Task details: Down to the last line, print the entries below exactly, and keep every picture out of the copy.
** Opening Exercise inputs block **
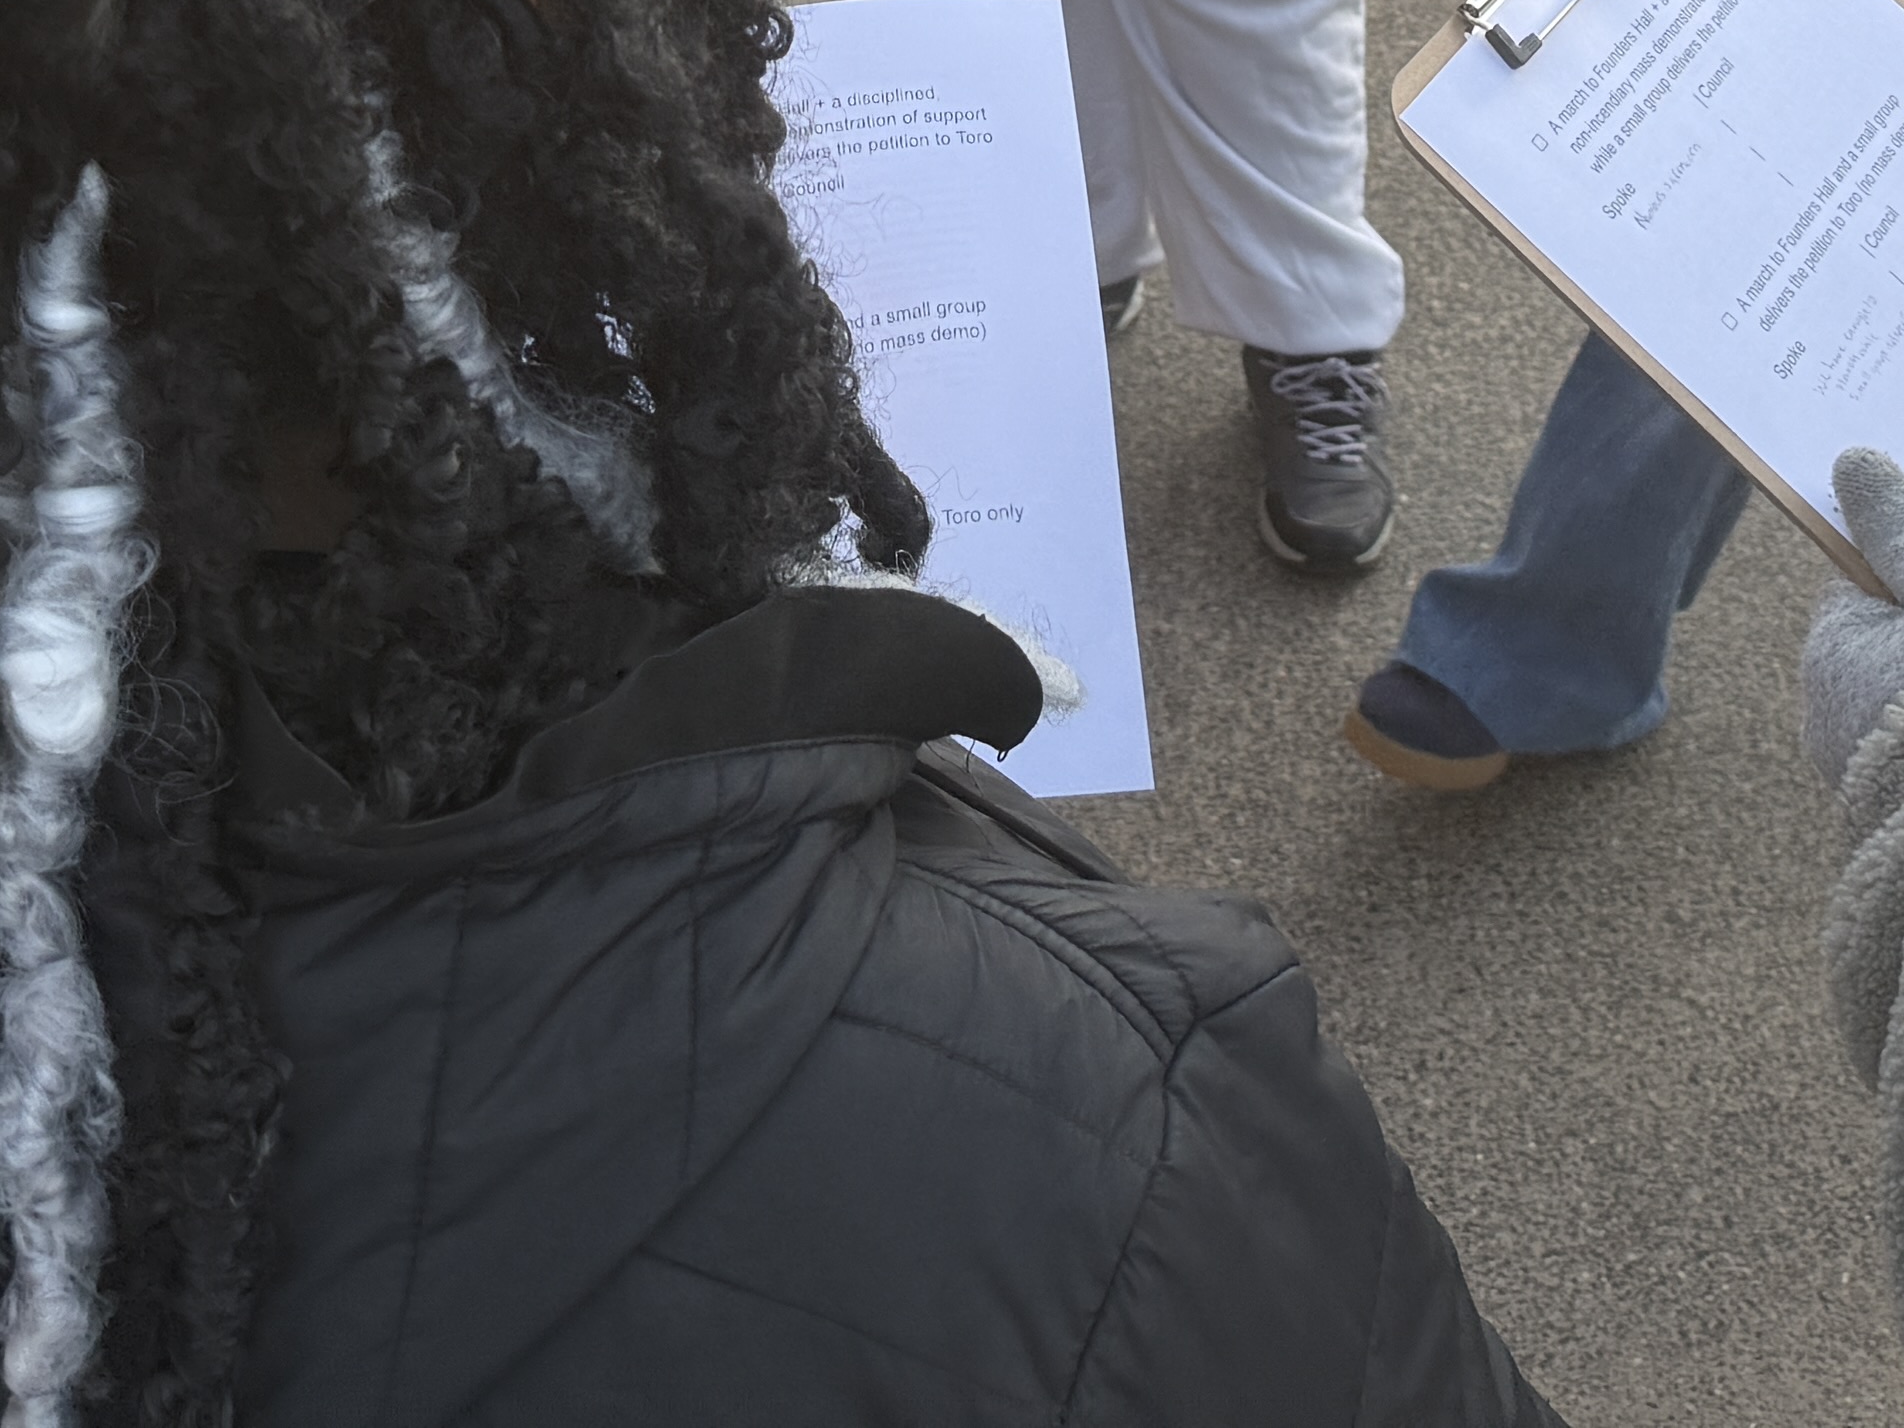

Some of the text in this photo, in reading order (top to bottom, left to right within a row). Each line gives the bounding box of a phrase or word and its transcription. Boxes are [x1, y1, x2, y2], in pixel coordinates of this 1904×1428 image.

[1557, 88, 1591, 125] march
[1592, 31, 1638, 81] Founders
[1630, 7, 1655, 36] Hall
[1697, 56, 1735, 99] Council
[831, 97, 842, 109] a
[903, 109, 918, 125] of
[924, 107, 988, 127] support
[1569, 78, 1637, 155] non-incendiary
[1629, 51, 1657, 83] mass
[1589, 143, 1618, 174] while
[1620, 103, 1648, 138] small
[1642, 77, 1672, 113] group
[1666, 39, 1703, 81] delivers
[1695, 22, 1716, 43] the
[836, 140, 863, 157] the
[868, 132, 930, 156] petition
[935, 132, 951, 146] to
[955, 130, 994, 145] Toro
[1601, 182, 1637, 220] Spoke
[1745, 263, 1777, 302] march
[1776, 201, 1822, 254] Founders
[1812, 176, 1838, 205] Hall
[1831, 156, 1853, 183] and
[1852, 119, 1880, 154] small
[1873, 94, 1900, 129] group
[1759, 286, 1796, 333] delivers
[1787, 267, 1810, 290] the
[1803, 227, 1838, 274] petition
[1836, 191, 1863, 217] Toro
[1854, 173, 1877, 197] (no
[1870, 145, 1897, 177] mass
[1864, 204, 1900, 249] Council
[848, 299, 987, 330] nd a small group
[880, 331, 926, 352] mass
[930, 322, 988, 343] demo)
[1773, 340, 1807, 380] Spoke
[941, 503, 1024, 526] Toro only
** Closing Exercise inputs block **
Solved exercise:
Some of the text in this photo, in reading order (top to bottom, left to right within a row). Each line gives the bounding box of a phrase or word and its transcription. Boxes are [x1, y1, x2, y2], in pixel coordinates of this 1904×1428 image.

[1557, 88, 1591, 125] march
[1592, 31, 1638, 81] Founders
[1630, 7, 1655, 36] Hall
[1697, 56, 1735, 99] Council
[831, 97, 842, 109] a
[903, 109, 918, 125] of
[924, 107, 988, 127] support
[1569, 78, 1637, 155] non-incendiary
[1629, 51, 1657, 83] mass
[1589, 143, 1618, 174] while
[1620, 103, 1648, 138] small
[1642, 77, 1672, 113] group
[1666, 39, 1703, 81] delivers
[1695, 22, 1716, 43] the
[836, 140, 863, 157] the
[868, 132, 930, 156] petition
[935, 132, 951, 146] to
[955, 130, 994, 145] Toro
[1601, 182, 1637, 220] Spoke
[1745, 263, 1777, 302] march
[1776, 201, 1822, 254] Founders
[1812, 176, 1838, 205] Hall
[1831, 156, 1853, 183] and
[1852, 119, 1880, 154] small
[1873, 94, 1900, 129] group
[1759, 286, 1796, 333] delivers
[1787, 267, 1810, 290] the
[1803, 227, 1838, 274] petition
[1836, 191, 1863, 217] Toro
[1854, 173, 1877, 197] (no
[1870, 145, 1897, 177] mass
[1864, 204, 1900, 249] Council
[848, 299, 987, 330] nd a small group
[880, 331, 926, 352] mass
[930, 322, 988, 343] demo)
[1773, 340, 1807, 380] Spoke
[941, 503, 1024, 526] Toro only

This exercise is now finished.